中国は“レアアース大国” なぜ?

井上キャスター:
レアアースは17元素の総称です。その17の元素を組み合わせて「ここにはこれが使えるかな」と、用途によって使い分けているということです。
レアアースはその多くが中国で生産されています。2011年当時、中国の生産量は95%でした。この15年ほどで徐々に中国への依存を減らしているものの、現在も7割近くを中国が握っている状況です。
【レアアース生産量】
・中国:69.2%
・米国:11.5%
・ミャンマー:7.9%
・その他:11.3%
またレアアースは鉱石を発掘し、不純物を取り除いて、金属の純度を高める作業が必要です。その精錬量のほとんどを中国が行っているのです。
【精錬量】
・中国:91%
・マレーシア:4%
・ベトナム1%
・その他3%

なぜ、中国がレアアースを独占しているのか。東京大学の中村謙太郎教授によると「鉱石からレアアースを取り出す際、放射性廃棄物が発生」するといいます。

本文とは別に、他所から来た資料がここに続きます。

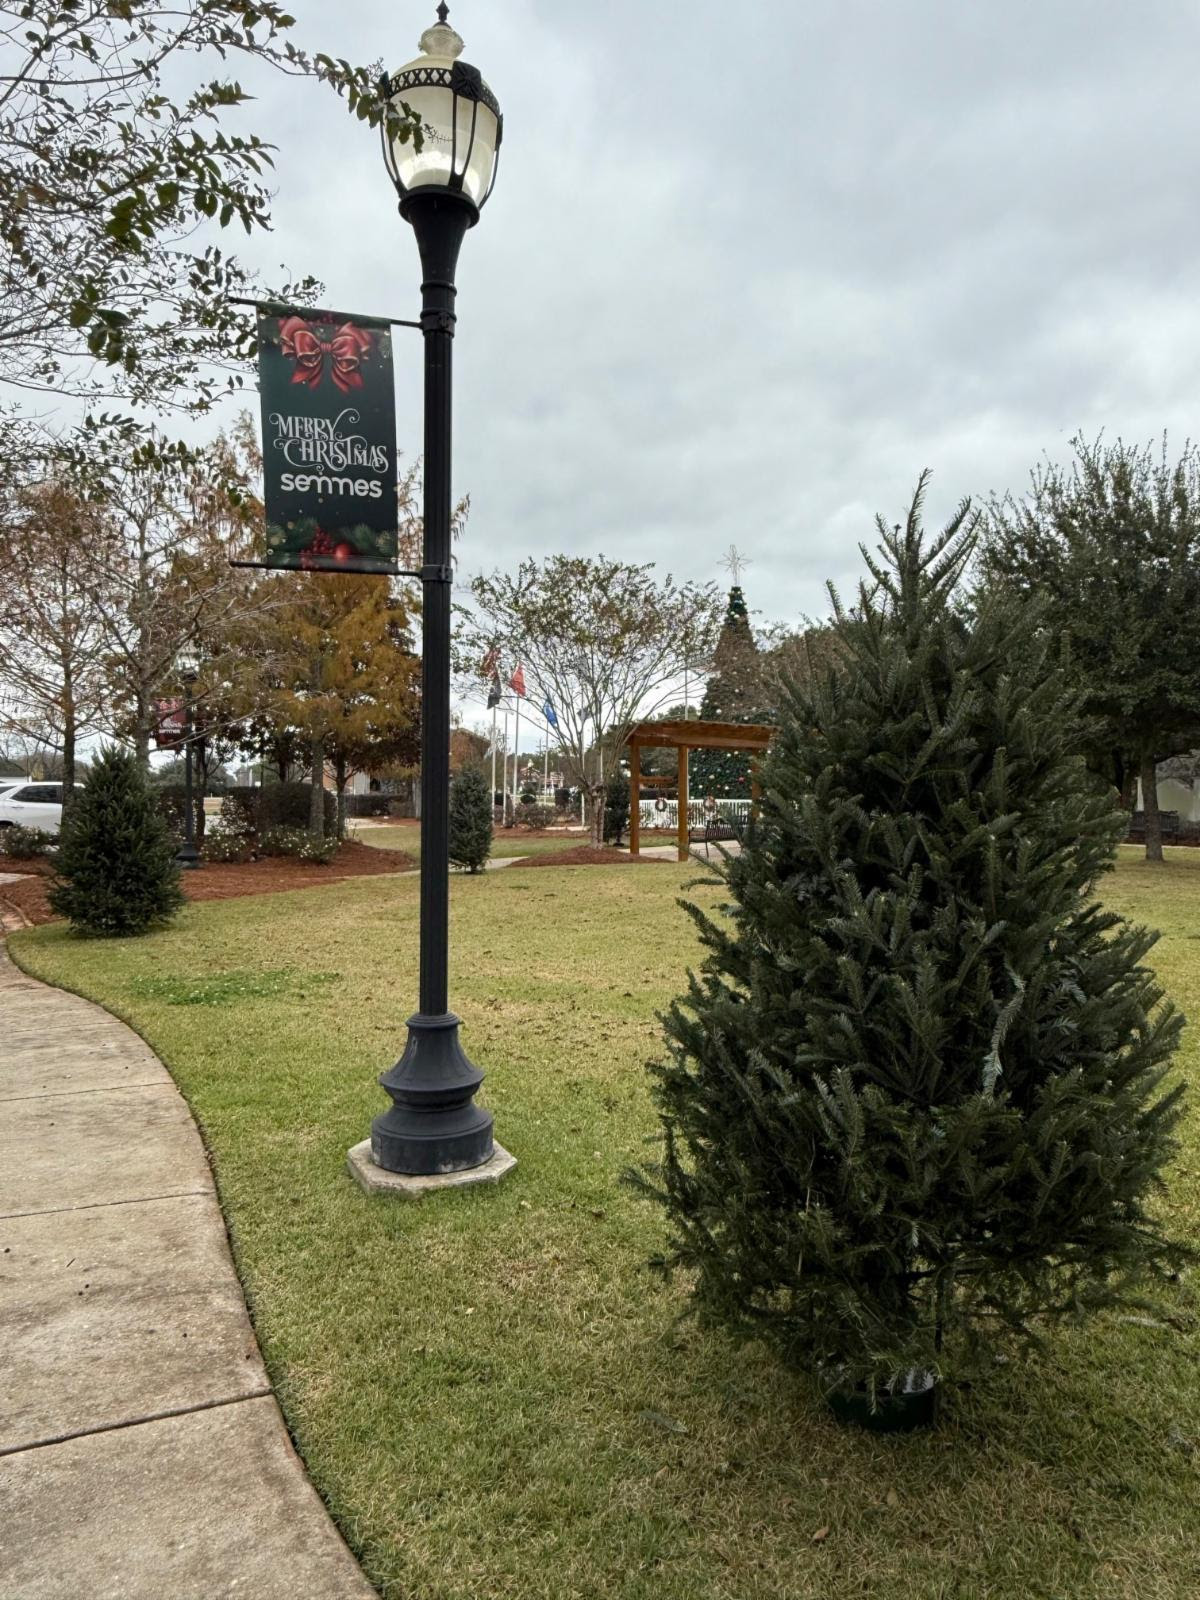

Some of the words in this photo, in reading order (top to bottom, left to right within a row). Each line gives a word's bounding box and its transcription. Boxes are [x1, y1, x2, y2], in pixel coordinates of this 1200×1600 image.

つまり精錬作業をすればするほど放射性廃棄物がどんどん出てくるのですが、一般的な国では環境規制があるため、なかなかこの作業をすることができません。
中国は環境規制が緩く、人件費が安いので安く生産できるという背景があるというのです。
精錬技術はどの国もあるけれど、環境規制の緩い中国が精錬を担っている状況だということです。
TBSスペシャルコメンテーター 星浩さん:
レアアースは非常に厳しい環境で採掘をしています。人権感覚を考えると、中国は優位な立場にあるのかもしれません。
日本は「厳しい環境の中で採掘するにはどうすればいいか」という環境技術のノウハウを持っているので、本当はその分野で協力した方がいいんですよね。
サプライチェーンはリンクしています。中国から輸入したレアアースで日本は部品を作り、それをまた中国に輸出しています。中国が一方的にレアアースを輸出しないようになると、中国はその部品を使えなくなる可能性もあるんです。
中国が本当に輸出規制をすれば日本は苦しくなるけれど、中国にも跳ね返ってくる面もあります。